Impiegando gli strumenti della fenomenologia, e in particolare l’offerta suggestiva di Edith Stein, l’autrice riconosce nella mistica cristiana la fervida possibilità di accarezzare il vissuto dell’altro e farlo mio nel giuoco empatico del “sentirti dentro”.
La chiave per scongiurare l’“infelice autoreferenzialità”, di cui la filosofa ha parlato in uno studio più recente (Narcisismo. Tre riflessioni liquide, Ed. Messaggero Padova, 2016), è stupirsi dello spirito, dell’anima e del corpo riassunti nel gesto inedito del tu; un gesto che può essere ricevuto se, al pari di Edith Stein e di Teresa d’Avila, riesco ad assecondare l’impulso agostiniano di un’interiorità che trova pace nella calda stanzetta dell’anima, in un punto ben preciso e delicatissimo, ove dimora l’esperienza della verità e la rivelazione del Tu eterno.
L’io che abita il centro dell’anima è in grado di raggiungere il suo Sé, scegliere nel cemento delle tentazioni con autentica libertà e tuffarsi nelle problematiche dell’altro al fine di diventare persona. La persona, infatti, è il frutto dell’Einfűhlung: quell’odore di empatia che supera la grammatica cartesiana del soggettivismo e sconfina nell’ex-per-iri, nell’andare da e attraverso in dolce compagnia di un linguaggio simbolico che spezza il rumore del prevedibile.
Il lettore avrà modo di assaggiare la bella prosa e i ricchi contenuti di questo testo, a cui rinvio.
Al di là di ogni discorso ermeneutico degno di nota, mi chiedo spesso chi è colui che oggi, nella stagione drammatica della morte di Dio, ha un altro fiato per dipingere il mattino con i colori della luce e far resuscitare quel corpo.
Chi è colui che vuole afferrare i suoni poetici di un altro tempo, nell’attesa di un vuoto che consentirebbe di coniugare, stringere e ascoltare il grido dell’altrove?
Chi nuota nel dettaglio, ed è pronto a far festa con il tu nella regione più nascosta e puntualmente sbeffeggiata da un bieco storicismo?
Chi insegue il dolore dell’alterità e si decentra sul serio, uscendo di casa?
Chi situa al centro della sua anima il cuore del tu (Tu)?

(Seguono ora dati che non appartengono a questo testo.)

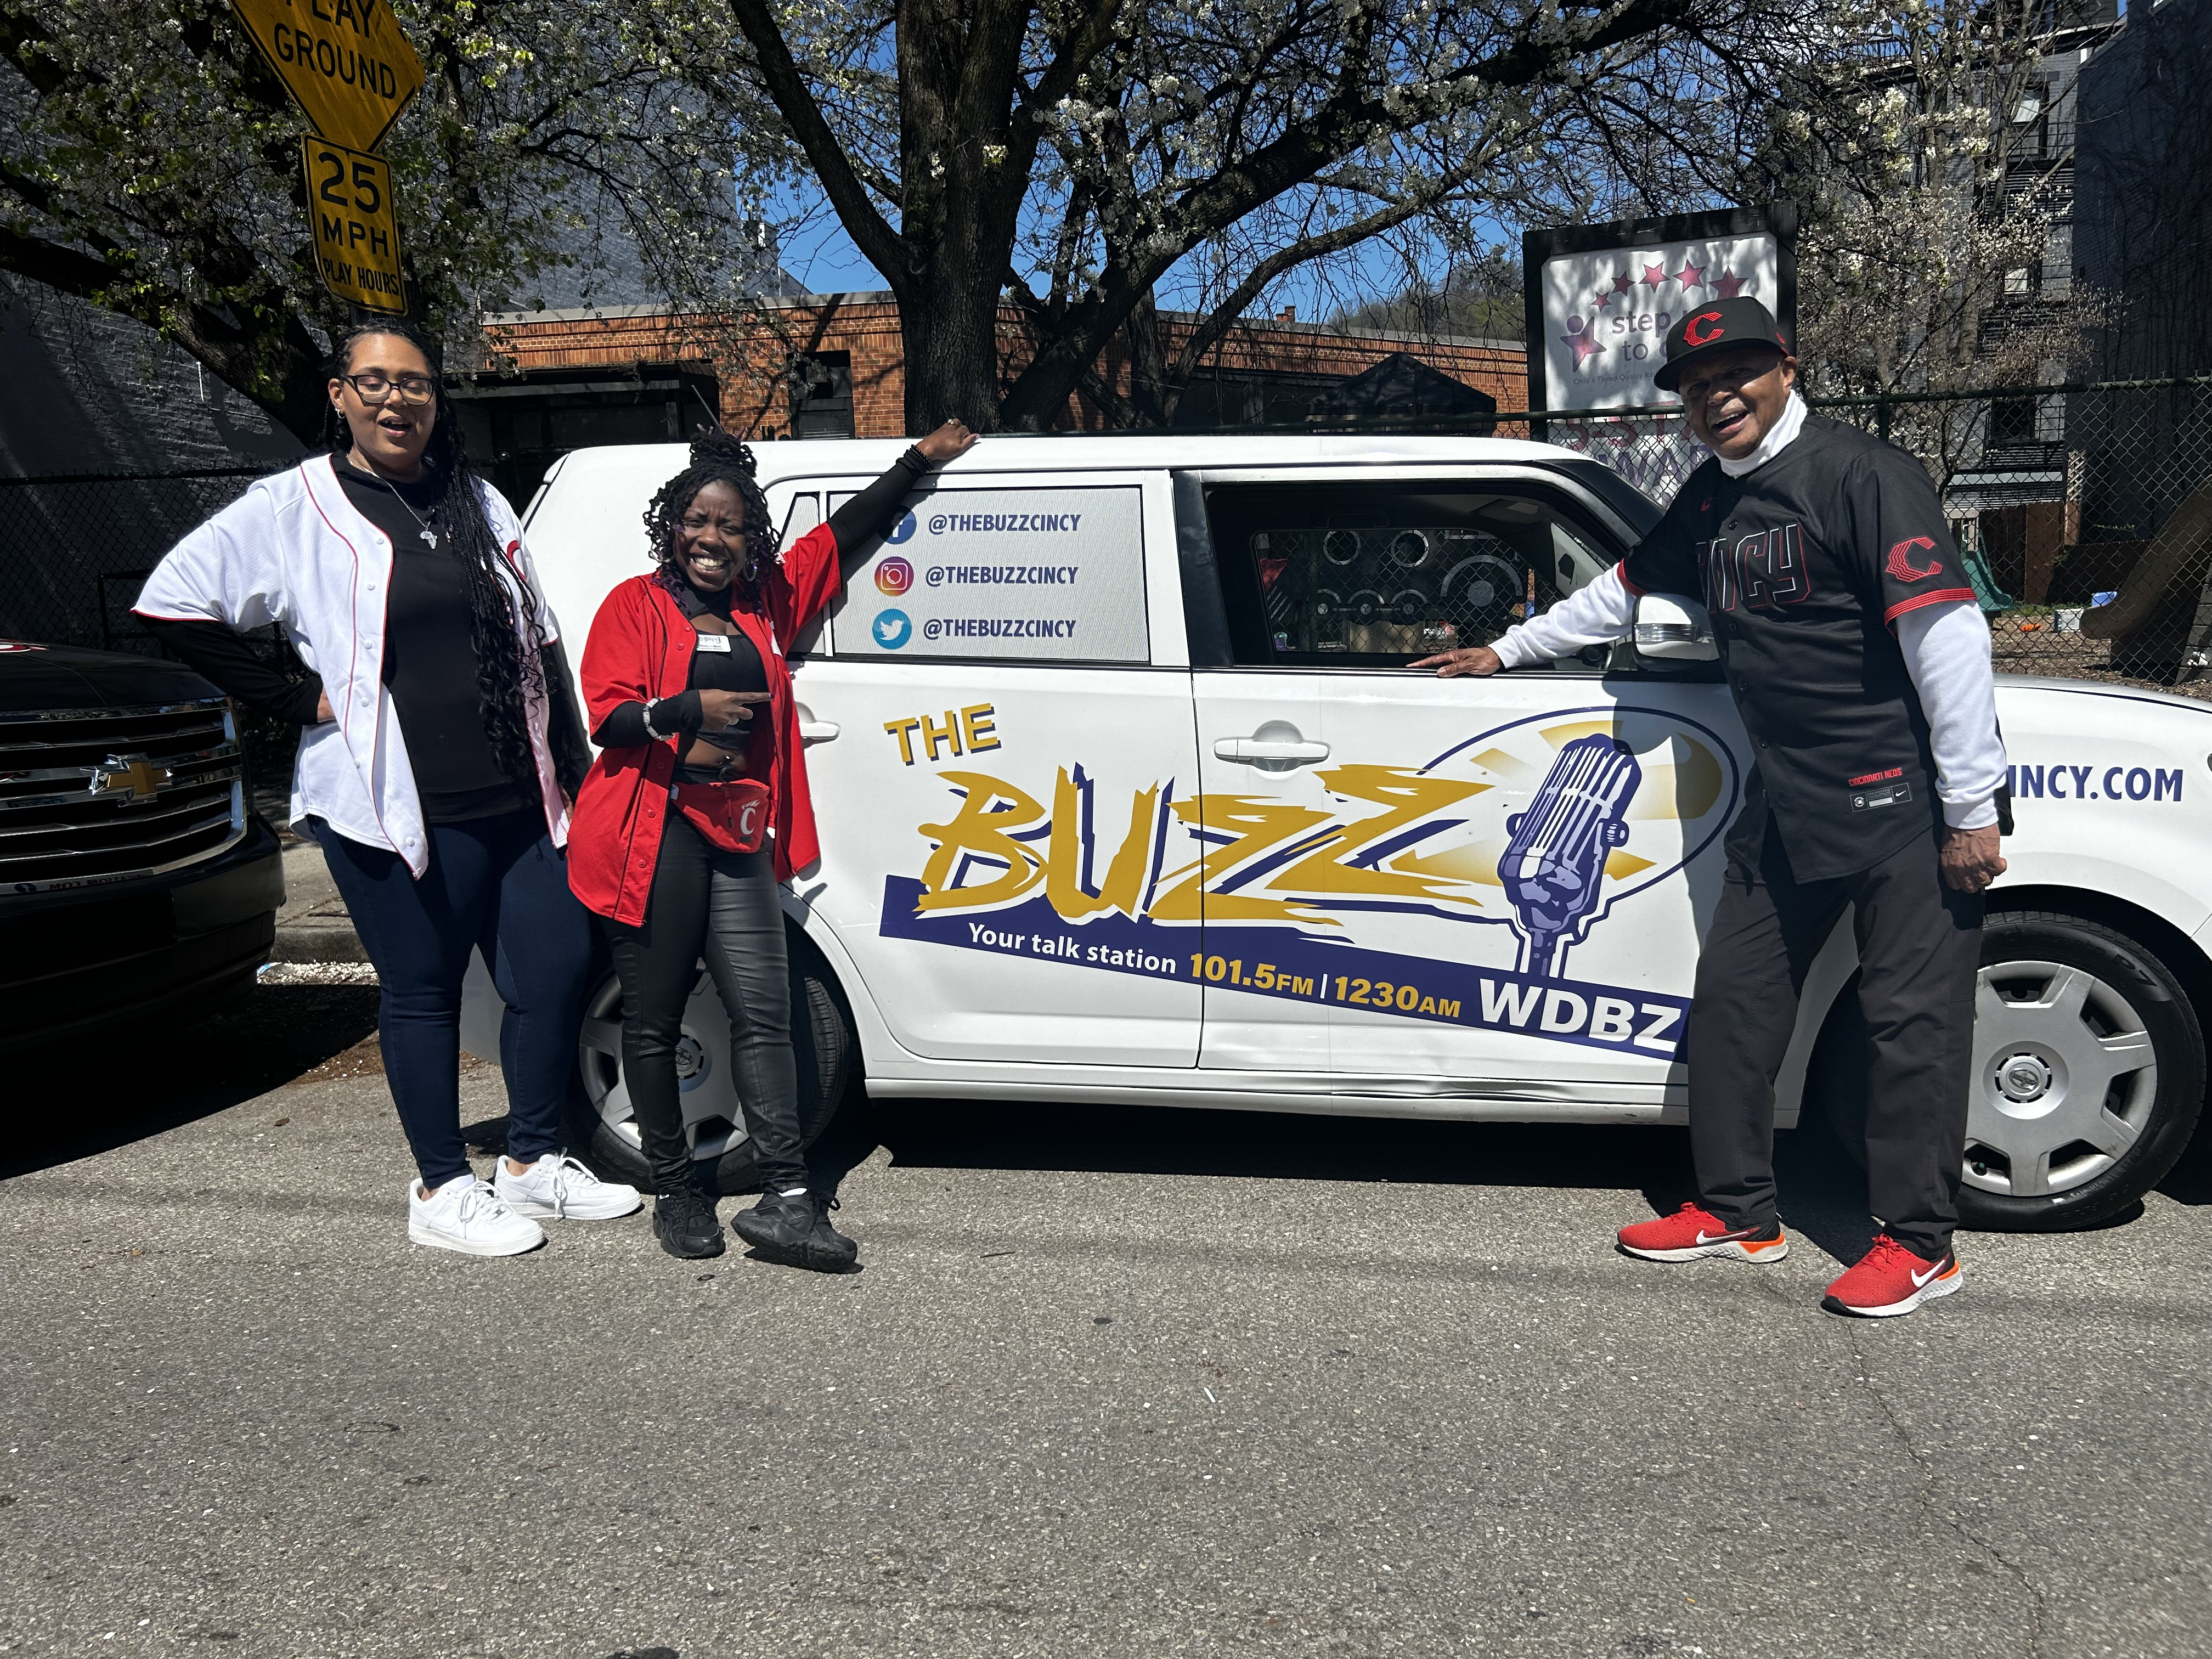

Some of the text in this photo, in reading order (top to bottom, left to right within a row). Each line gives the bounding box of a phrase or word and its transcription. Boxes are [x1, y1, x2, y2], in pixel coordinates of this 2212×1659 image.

[286, 0, 375, 38] LAY
[274, 22, 397, 99] GROUND
[318, 151, 381, 214] 25
[323, 213, 389, 258] MPH
[324, 257, 399, 296] PLAY HOURS
[1612, 310, 1671, 338] step
[1683, 311, 1725, 347] C
[1622, 341, 1649, 362] to
[1573, 377, 1595, 385] Ohio's
[1619, 373, 1643, 381] Quality
[928, 514, 1081, 535] @THEBUZZCINCY
[926, 566, 1079, 588] @THEBUZZCINCY
[1885, 535, 1943, 583] C
[923, 619, 1076, 641] @THEBUZZCINCY
[883, 702, 1002, 766] THE
[2007, 765, 2183, 802] INCY.COM
[912, 762, 1496, 927] BUZZ
[968, 922, 1461, 1019] Your talk station 101.5FM 1230AM
[1480, 978, 1682, 1053] WDBZ

Chi sfida ancor di più il mondo, alzando l’asticella del rischio, senza sedersi o dire: “ è roba da mistici!”?
Chi è consapevole che non è il tempo delle parole, della teoria sapiente, della forma, della tremenda pace dell’estrinseco, già crocifisse nell’ora nona …?
Chi si rende conto che l’oggi del terzo Vangelo richiede un’azione proprio oggi, anzi adesso?

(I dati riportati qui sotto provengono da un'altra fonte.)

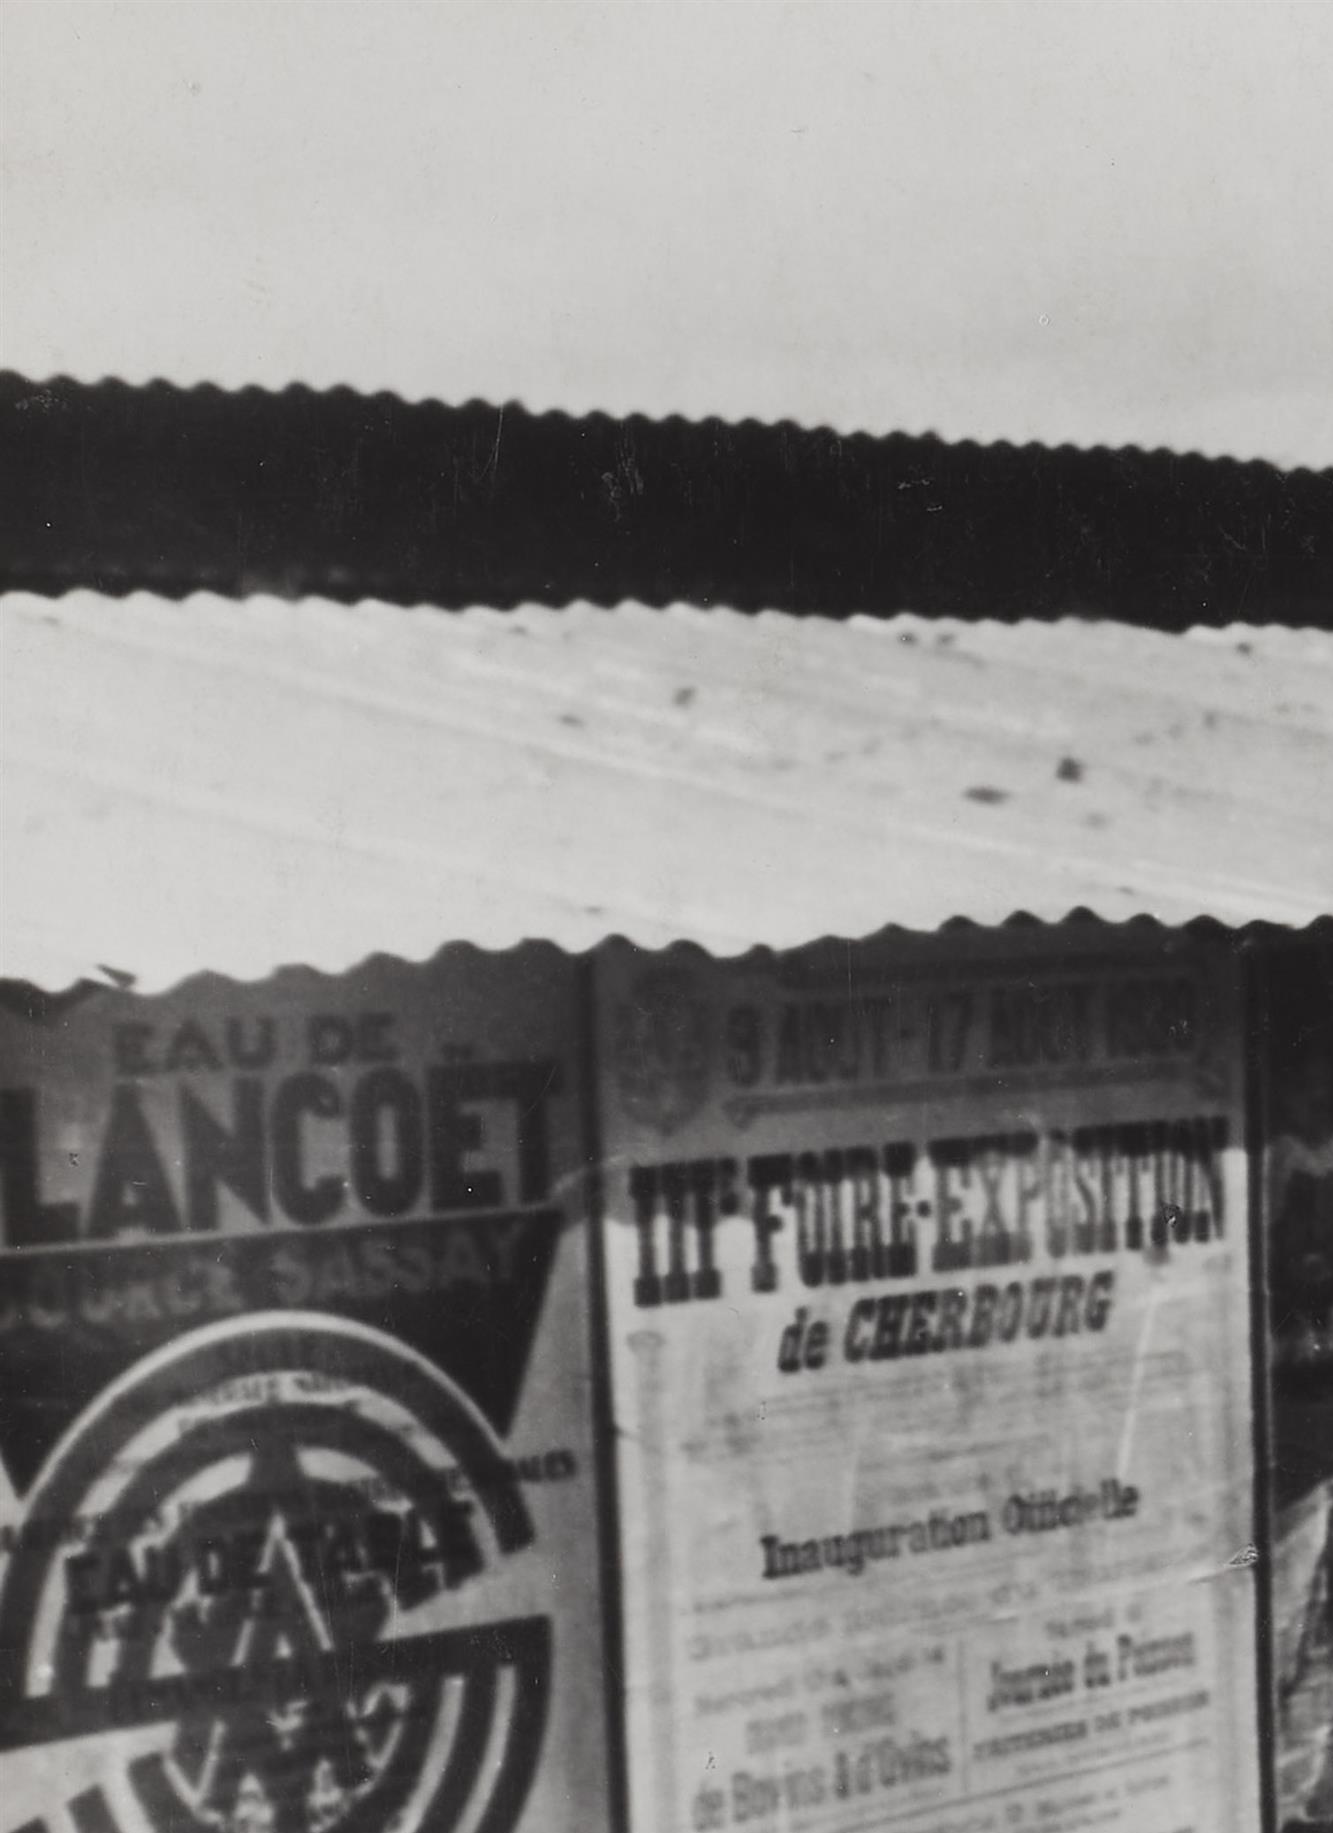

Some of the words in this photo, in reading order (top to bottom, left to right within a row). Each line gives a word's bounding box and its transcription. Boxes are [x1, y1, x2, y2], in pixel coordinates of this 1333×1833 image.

[112, 1014, 276, 1075] EAU
[308, 1009, 398, 1063] DE
[776, 1306, 828, 1375] de
[844, 1270, 1117, 1363] CHERBOURG
[758, 1506, 993, 1582] Inauguration

Chi realizza il paradosso e frega secoli di individualismo in un bellissimo anonimato pronto a nutrirsi di purezza e di una croce in perenne movimento fra terra e cielo?

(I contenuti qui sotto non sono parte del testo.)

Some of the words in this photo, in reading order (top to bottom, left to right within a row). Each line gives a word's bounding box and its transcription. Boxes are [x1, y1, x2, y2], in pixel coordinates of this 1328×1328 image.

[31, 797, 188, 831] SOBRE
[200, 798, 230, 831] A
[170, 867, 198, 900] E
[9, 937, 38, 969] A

Chi è dentro il mistero fra il qui e l’altrove, e ospita con inguaribile pazienza e fiducia: domande, silenzi o singhiozzi del secondo pronome?
Chi fa, senza dire come andrebbe fatto?
Chi fa amore con il cuore rinnovato e con le imperfezioni che lo condizionano?
Chi avanza nelle praterie del disincanto con la speranza inquieta di un bimbo?
Chi sconfigge il suo nichilismo e dà adito a una seconda vita, a un secondo evento, a un secondo accadere in sospeso?
Chi si fa parlare dal Kairos (il nuovo tempo) e rifiuta le consuete bugie del Chronos (il grigio della routine)?
Chi prova a giocare tra il finito e l’infinito, andando oltre la penna, oltre la tonaca, oltre una cattedra, oltre un mestiere, oltre una superficie fenomenica che non permette la preghiera in ascesa o in discesa verso l’immensamente altro?
Chi fa il maleducato con i punti neri del mondo, e riempie la pagina bianca del suo istante con l’inchiostro dei buoni?
Chi disprezza, sul serio, le perversioni dei “dottori della legge” e ama ad oltranza nei labirinti che nessuno vede?
Chi non si ama, perché non ha tempo per il ‘se stesso’, ma solo per il tu (Tu)?
Chi ti vede? Chi ti sente? Chi muore per il volto …?
Questo e altro chiedo a me, per primo.